The FTA was much futher reaching than the issues that were brought up in during negotiations. Other areas it covered were financial services, environmental issues, investment and government procurement. More interestingly however there are 2 key areas that the FTA covers that are quite likely to be affected by the proposed Internet filter, and they are:
This section details agreed upon terms by both countries to assure fair trade between the telecommunications industries in each country. The rules specifically exclude measures relating to broadcast or cable distribution of radio or television programming.
Among other provisions, the agreement lays out rules for settling disputes among the members of the telecommunications industries in one country with the members in the other. It entitles enterprises to:
- seek timely review by a regulator or court to resolve disputes;
- seek review of disputes regarding appropriate terms, conditions, and rates for interconnection; and
- to obtain judicial review of a determination by a regulatory body.
The parties agreed to co-operate on mechanisms to facilitate electronic commerce, not to impose customs duties on digital products and for each to apply non-discriminatory treatment to the digital products of the other.
The first relates to how Australia and the US will provide communications infrastructure and services to each other in a fair and equitable way and provides a framework for settling disputes. The bolded point outlines an area where the FTA could be invoked if Australia decides to implement a filter. Whilst the debate is still open on just how much an Internet filter would harm Australia’s ability to do business on the Internet the greater tech community is of the mind that it will be detrimental, regardless of implementation. Whilst this doesn’t directly damage the FTA it could be used as an injunction to stop such a filter from becoming reality, at least for a short while.
Probably the more important part of the FTA that is directly affected by the implementation of the filter is the Electronic Commerce section which explicitly states that there be no discriminatory treatment to digital products. This can extend to information on subjects such as abortion, euthanasia or drug harm minimisation which under the current filter proposal would be outright banned, but are still perfectly legal within the US. There’s also the possibility, thanks to the lack of transparency of the filter and its blacklist, that an online retailer could end up blocked from people within Australia and be effectively barred from trading with us.

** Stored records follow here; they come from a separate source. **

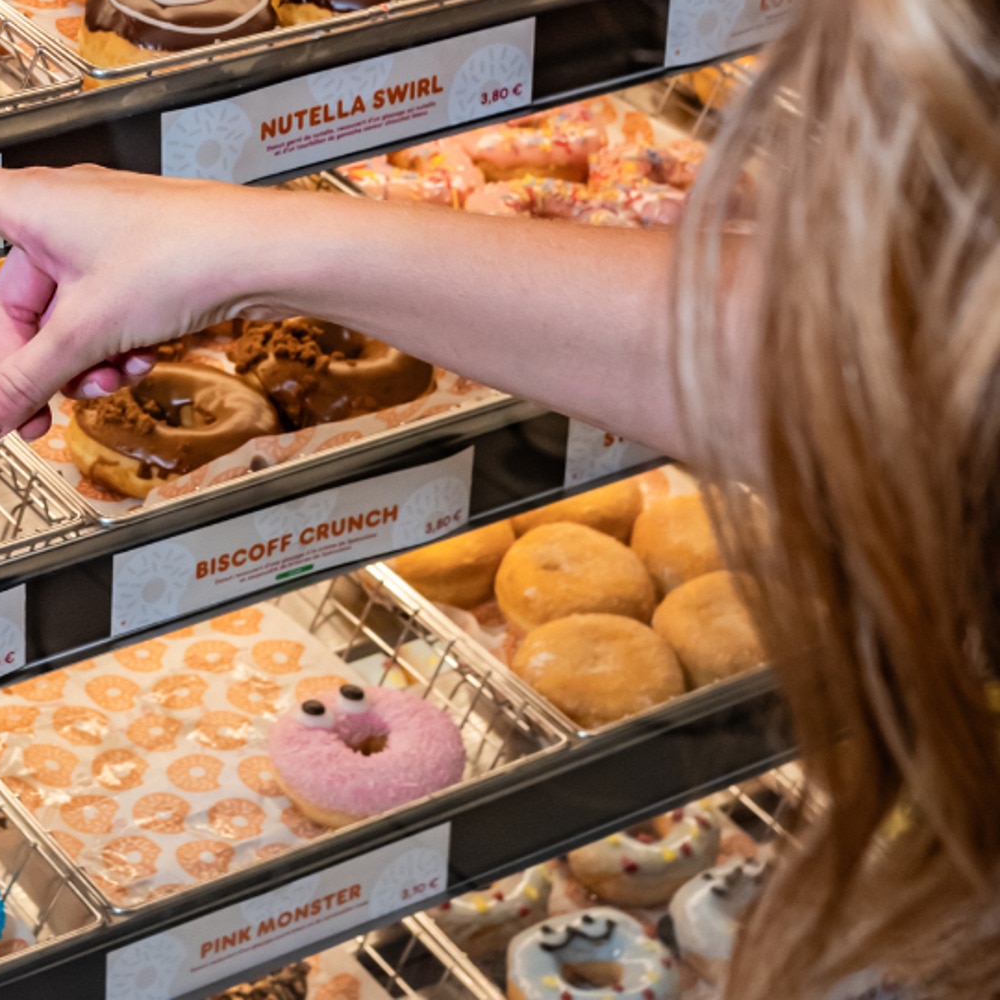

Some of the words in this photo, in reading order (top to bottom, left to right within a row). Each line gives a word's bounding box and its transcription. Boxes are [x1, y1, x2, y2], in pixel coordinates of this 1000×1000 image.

[260, 95, 365, 141] NUTELLA
[373, 75, 443, 110] SWIRL
[480, 87, 508, 106] 3,80
[511, 83, 523, 97] €
[195, 533, 294, 580] BISCOFF
[299, 504, 398, 546] CRUNCH
[2, 651, 16, 665] €
[200, 926, 251, 959] PINK
[257, 884, 363, 935] MONSTER
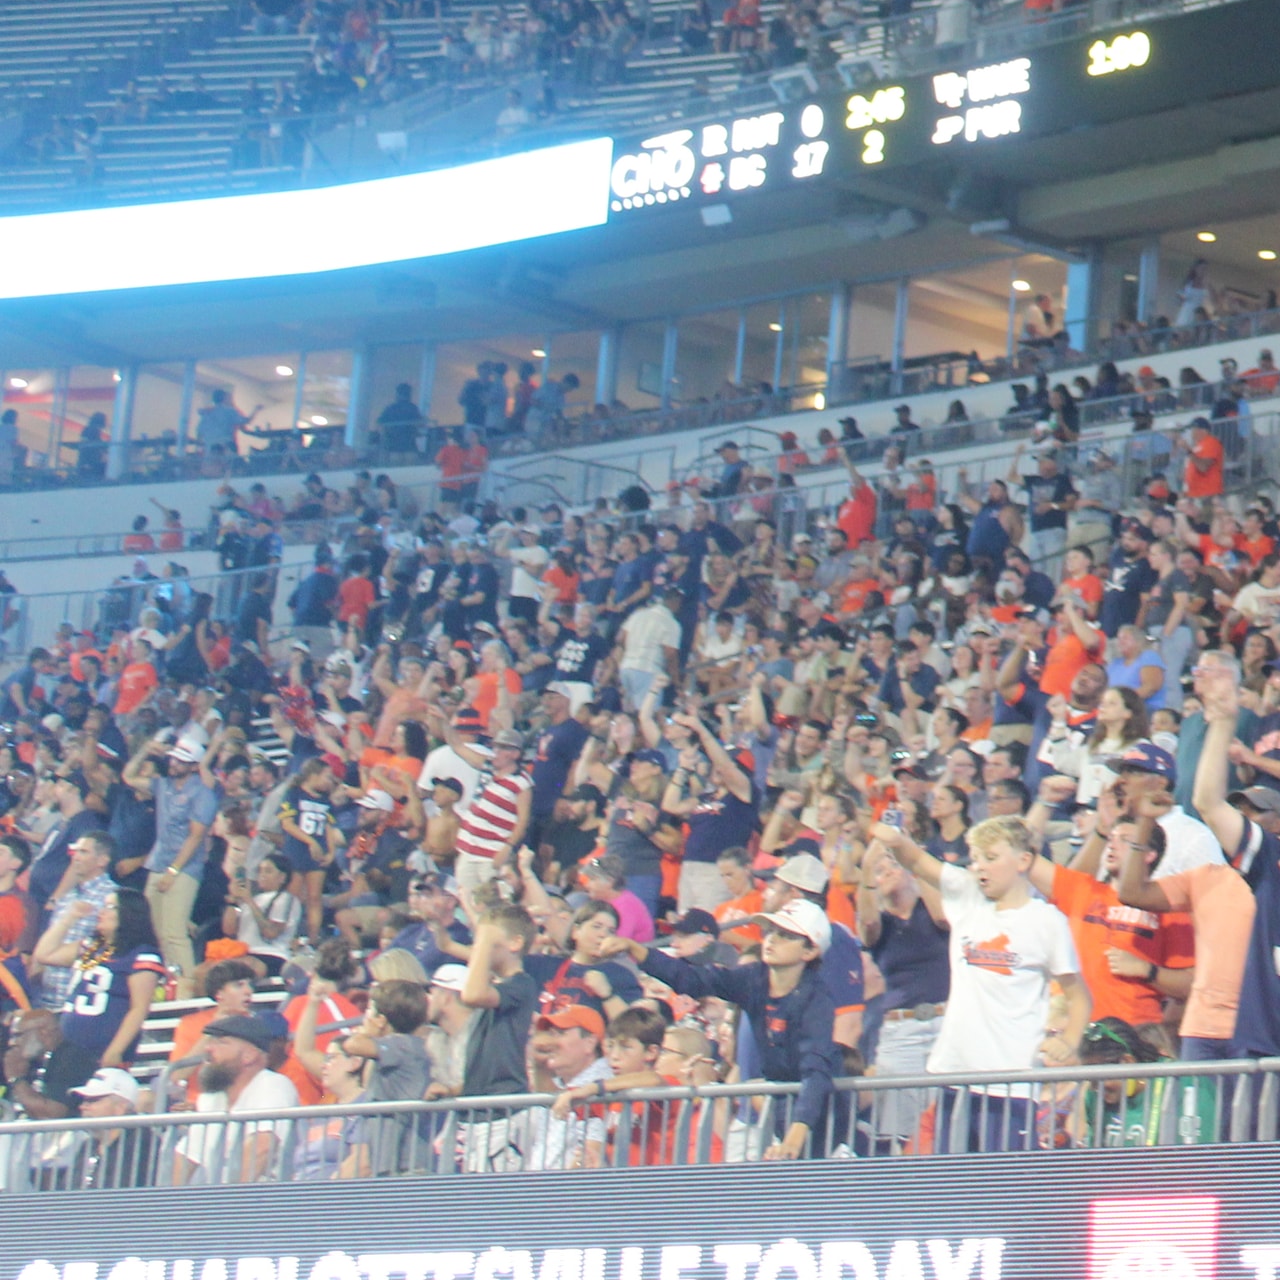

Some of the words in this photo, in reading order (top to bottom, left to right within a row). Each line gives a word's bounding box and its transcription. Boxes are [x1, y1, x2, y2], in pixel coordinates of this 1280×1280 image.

[802, 105, 823, 137] 0
[793, 142, 828, 177] 17
[863, 130, 884, 163] 2

I’ll admit that the links to the FTA are a bit tenuous but there’s no doubt in my mind that businesses with an online presence in Australia will suffer under the proposed filter legislation. The FTA is just another bit of ammunition to argue against the filter and with the US now putting pressure on Conroy I’m sure that we’re not too far away from the FTA being mentioned at a higher level. Conroy really has his work cut out for him if he thinks he’ll be able to convince the US that the filter is a good idea.
Would the filter require the FTA to be amended? I doubt it, but then again I’m not particularly qualified to comment on that. If you know (or have a good opinion) let me know in the comments below.
Tip of the hat to David Cottrill for giving me the idea of mashing the FTA with the Internet filter.